Annotated photo localization data
'''

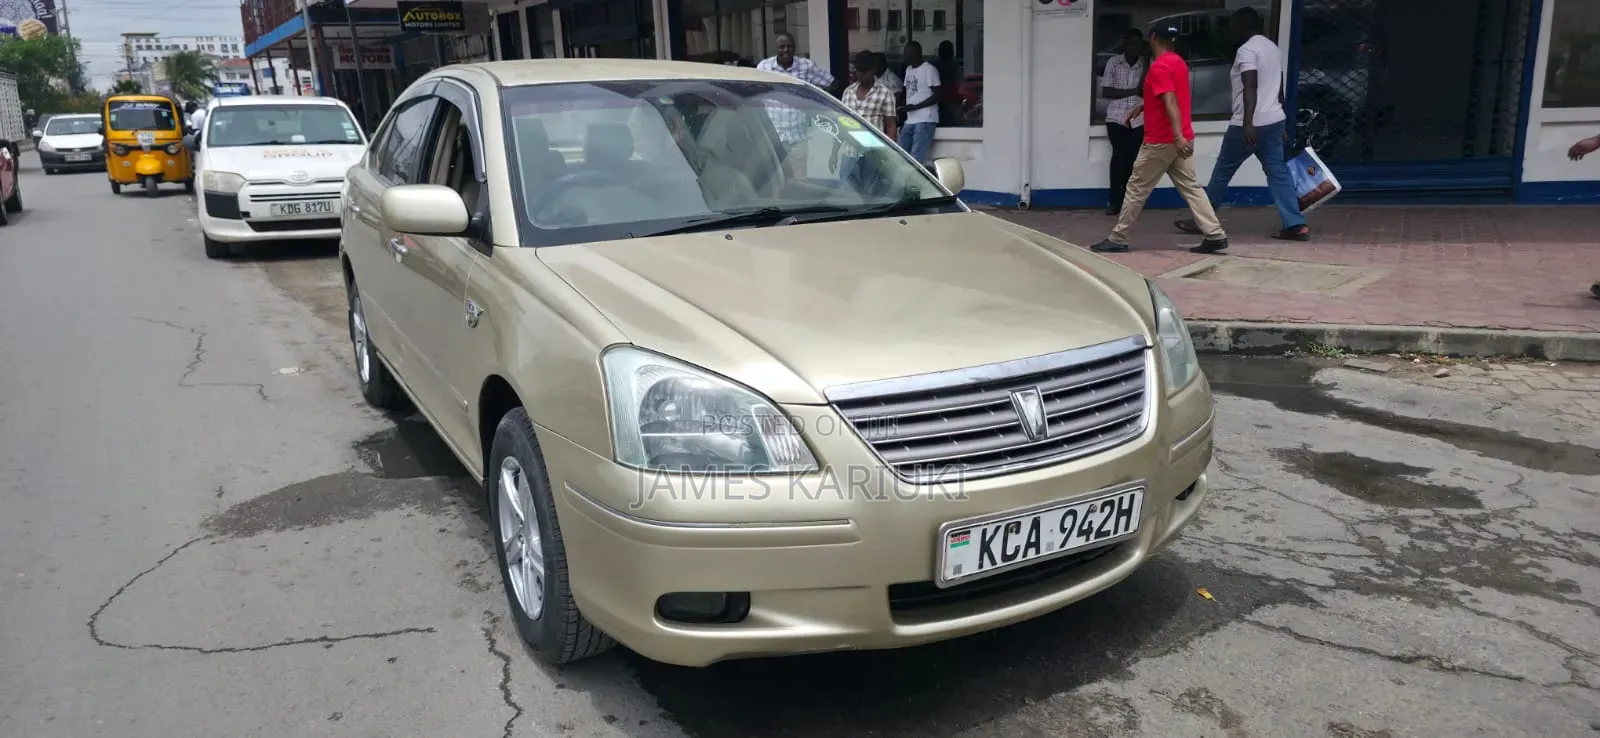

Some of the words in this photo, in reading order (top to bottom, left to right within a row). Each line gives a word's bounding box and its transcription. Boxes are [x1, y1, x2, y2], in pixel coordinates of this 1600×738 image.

[402, 11, 462, 21] AUTOBOX
[280, 203, 301, 216] KDG
[305, 201, 331, 213] 817U
[978, 516, 1041, 570] KCA
[1059, 493, 1136, 549] 942H
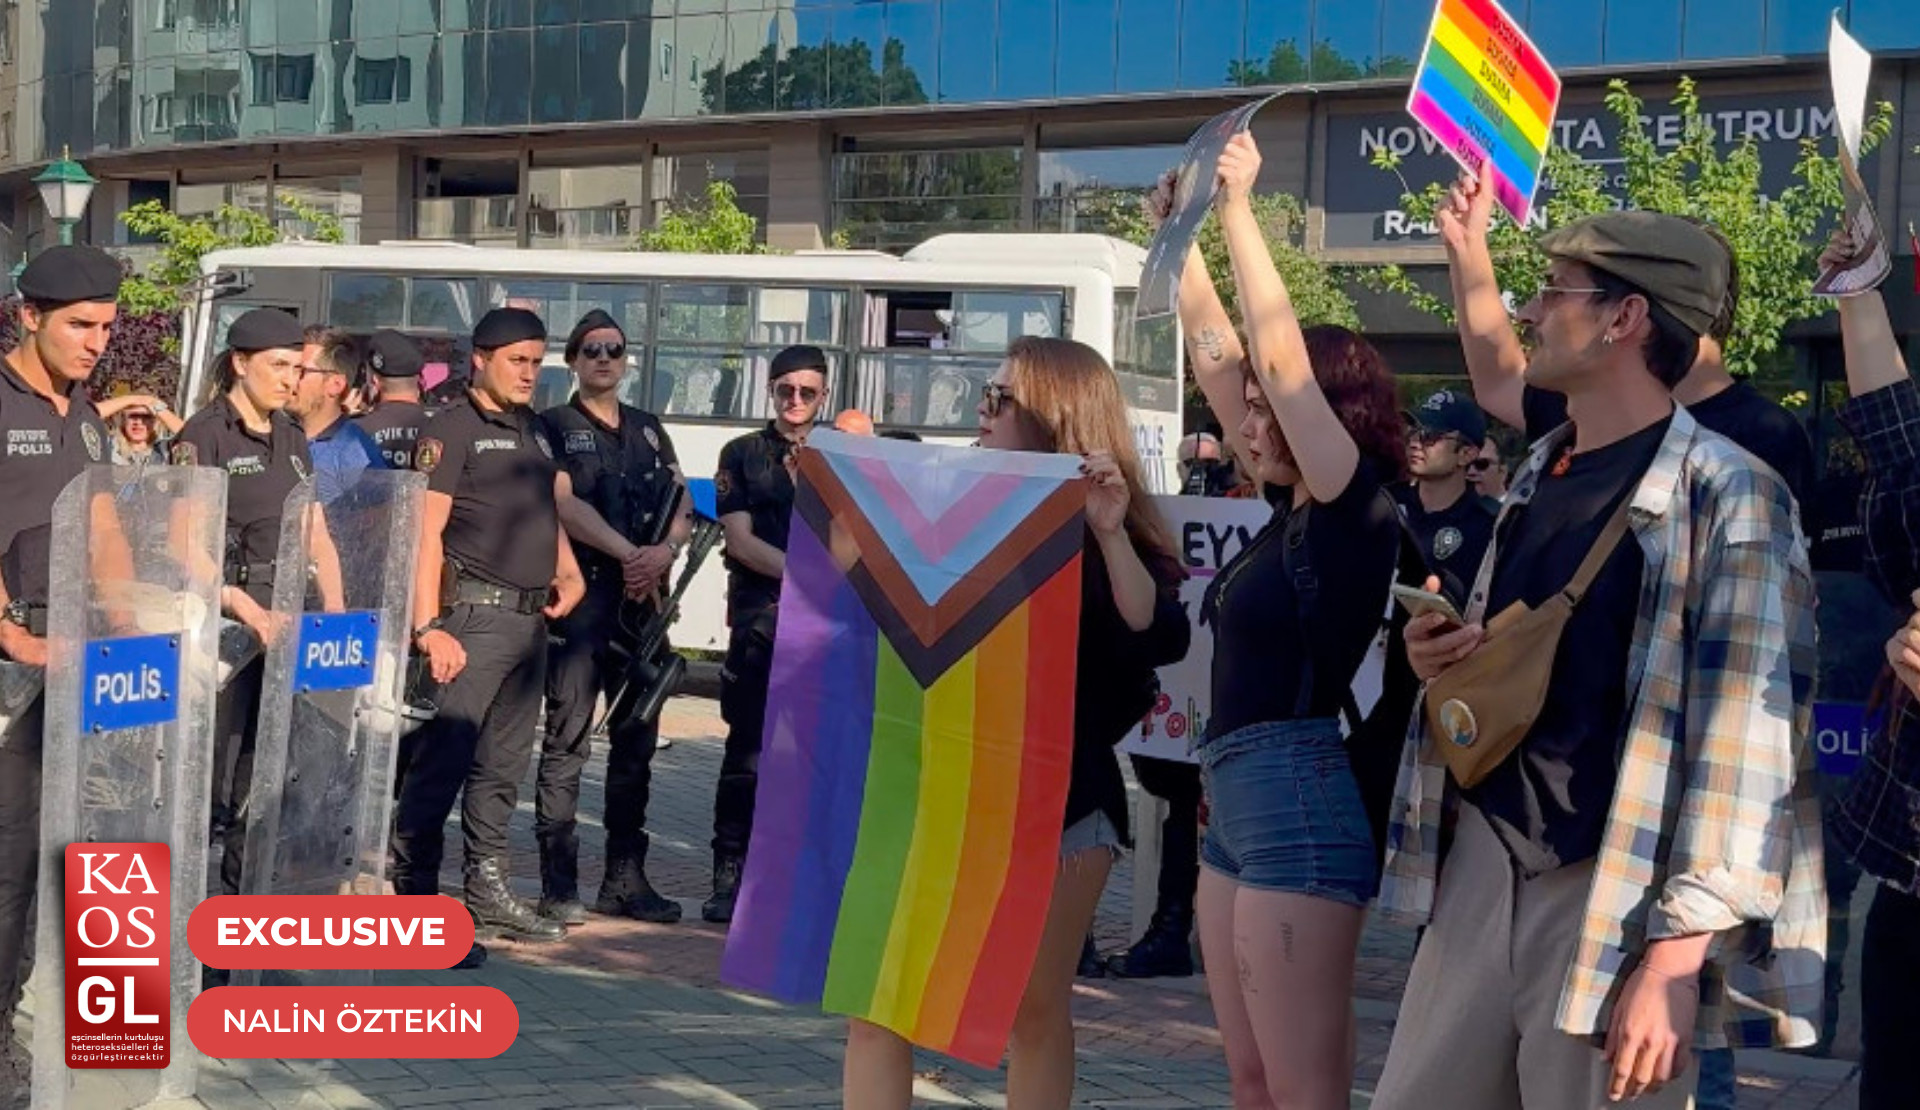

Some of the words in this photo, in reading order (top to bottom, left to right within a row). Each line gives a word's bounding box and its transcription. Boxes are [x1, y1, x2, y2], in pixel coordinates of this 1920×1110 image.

[1359, 126, 1449, 157] NOV
[95, 663, 161, 706] POLİS
[1817, 728, 1868, 756] OLİ
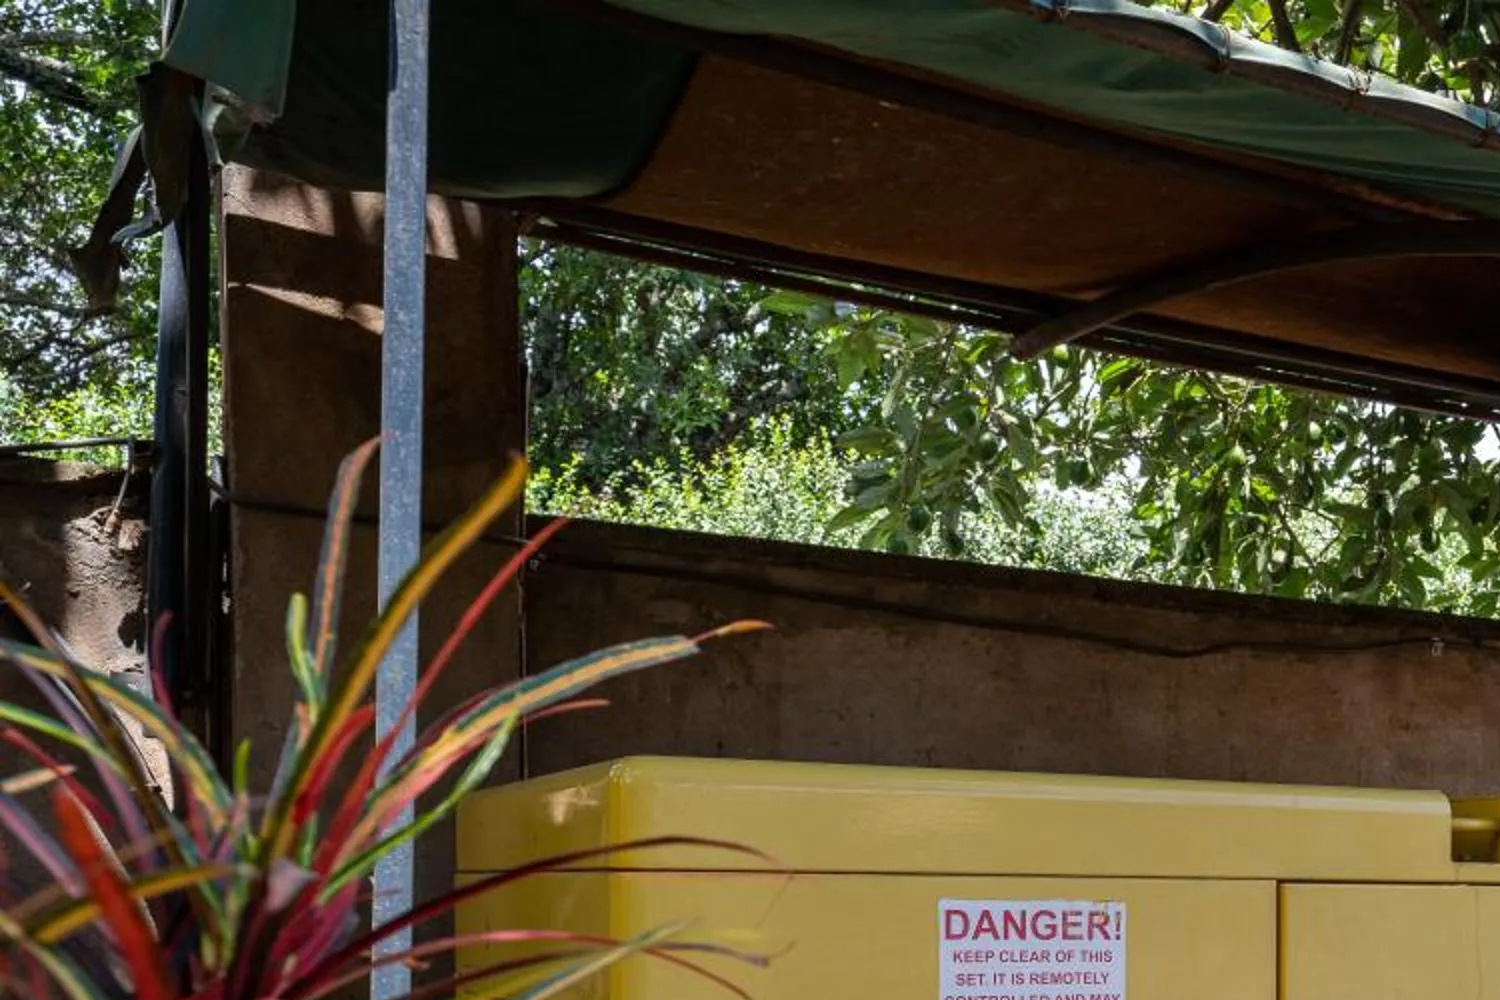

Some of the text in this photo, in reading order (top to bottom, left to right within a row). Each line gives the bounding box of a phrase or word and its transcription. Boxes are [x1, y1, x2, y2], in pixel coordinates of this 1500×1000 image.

[943, 909, 1121, 941] DANGER!
[953, 949, 1113, 963] KEEP CLEAR OF THIS
[993, 973, 1006, 986] IT
[1011, 973, 1025, 986] IS
[1029, 972, 1110, 985] REMOTELY
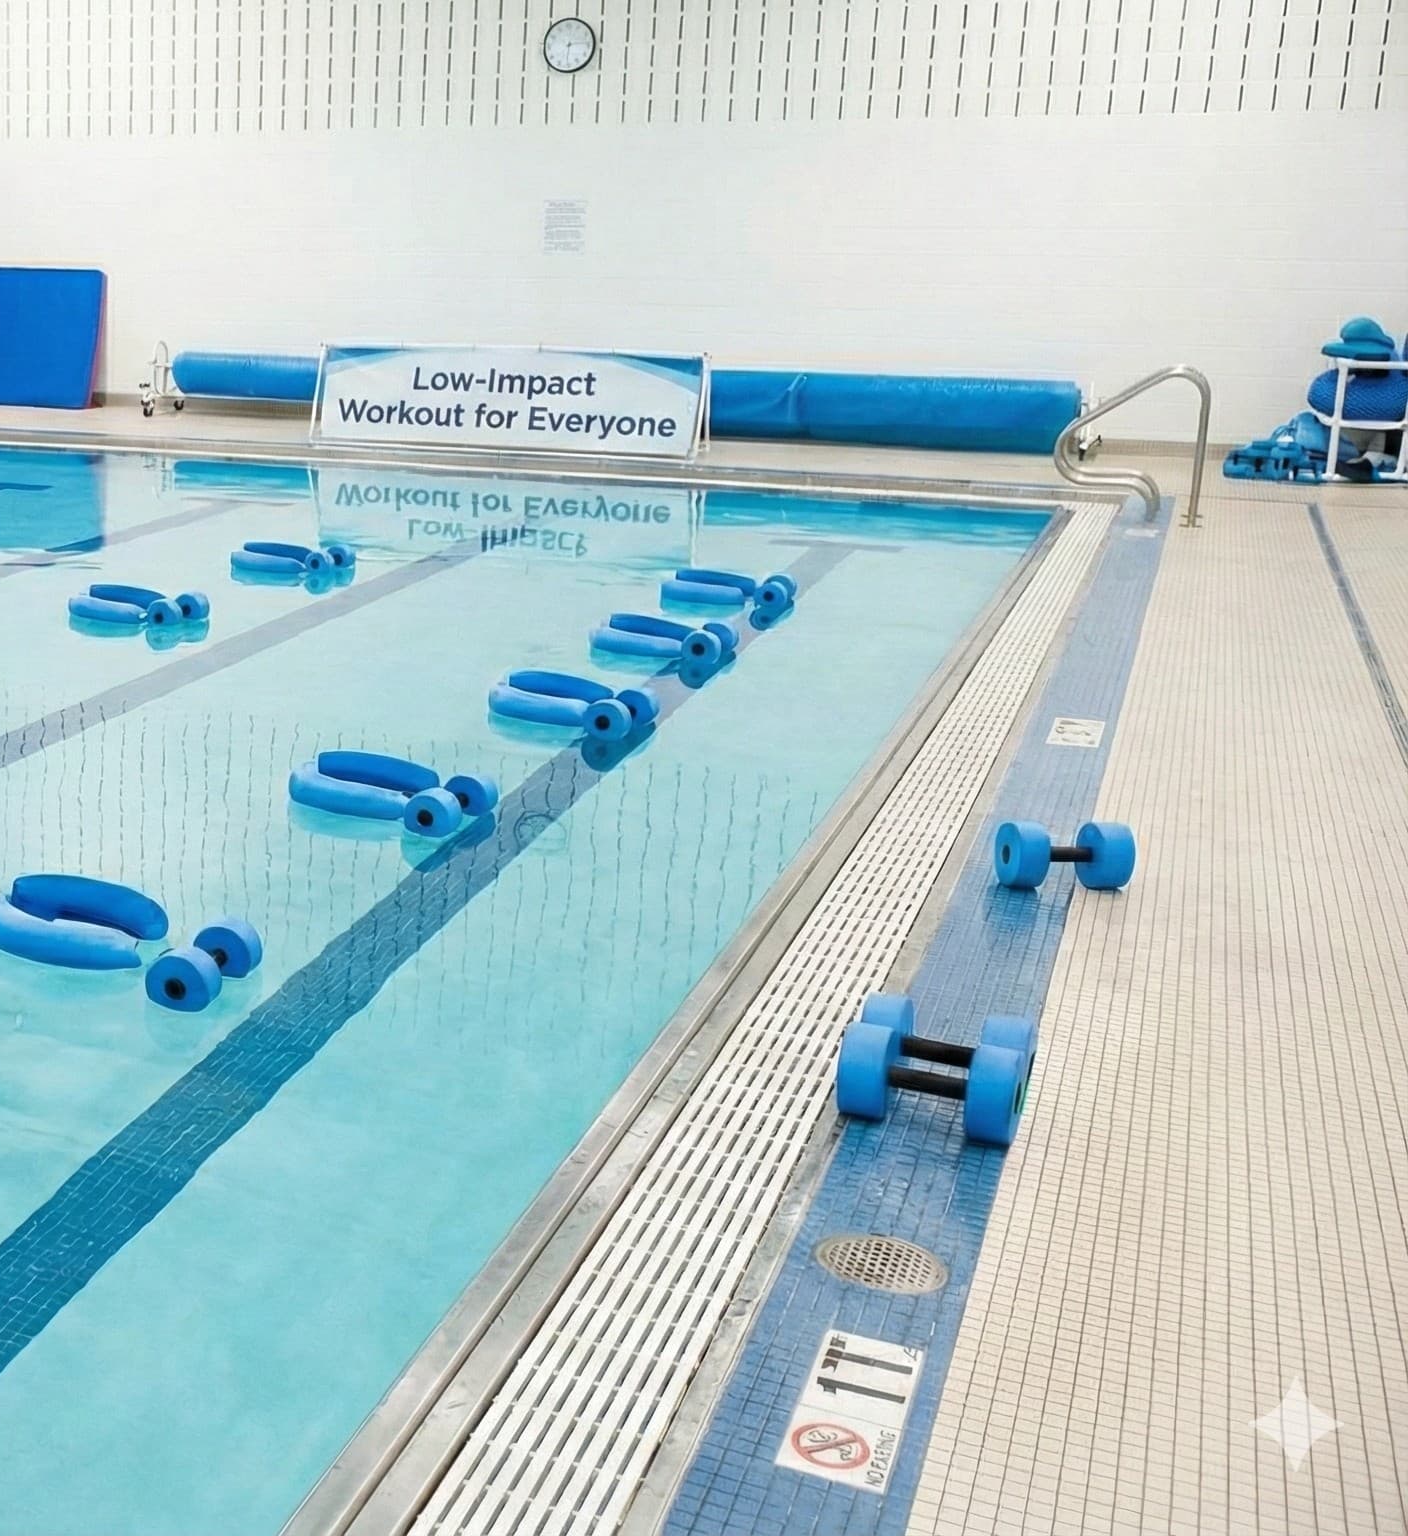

'''

_Task item_
Above are the records; reproduce them exactly and leave out the pictures.

_Written solution_
Some of the words in this photo, in reading order (top to bottom, left to right within a row). Each line gives a word's bounding box and its transcription. Boxes are [x1, y1, x2, y2], in pixel coordinates of this 1600×738 image.

[402, 11, 462, 21] AUTOBOX
[280, 203, 301, 216] KDG
[305, 201, 331, 213] 817U
[978, 516, 1041, 570] KCA
[1059, 493, 1136, 549] 942H

Some of the words in this photo, in reading order (top to bottom, left to right within a row). Each line gives a word's bounding box and its transcription. Boxes are [x1, y1, x2, y2], in pixel coordinates of this 1920×1110 image.

[1359, 126, 1449, 157] NOV
[95, 663, 161, 706] POLİS
[1817, 728, 1868, 756] OLİ

Some of the text in this photo, in reading order (top to bottom, left to right within a row). Each line gives the bounding box of a phrase or word and its transcription. Boxes are [x1, y1, x2, y2], in pixel coordinates of this 1500×1000 image.

[943, 909, 1121, 941] DANGER!
[953, 949, 1113, 963] KEEP CLEAR OF THIS
[993, 973, 1006, 986] IT
[1011, 973, 1025, 986] IS
[1029, 972, 1110, 985] REMOTELY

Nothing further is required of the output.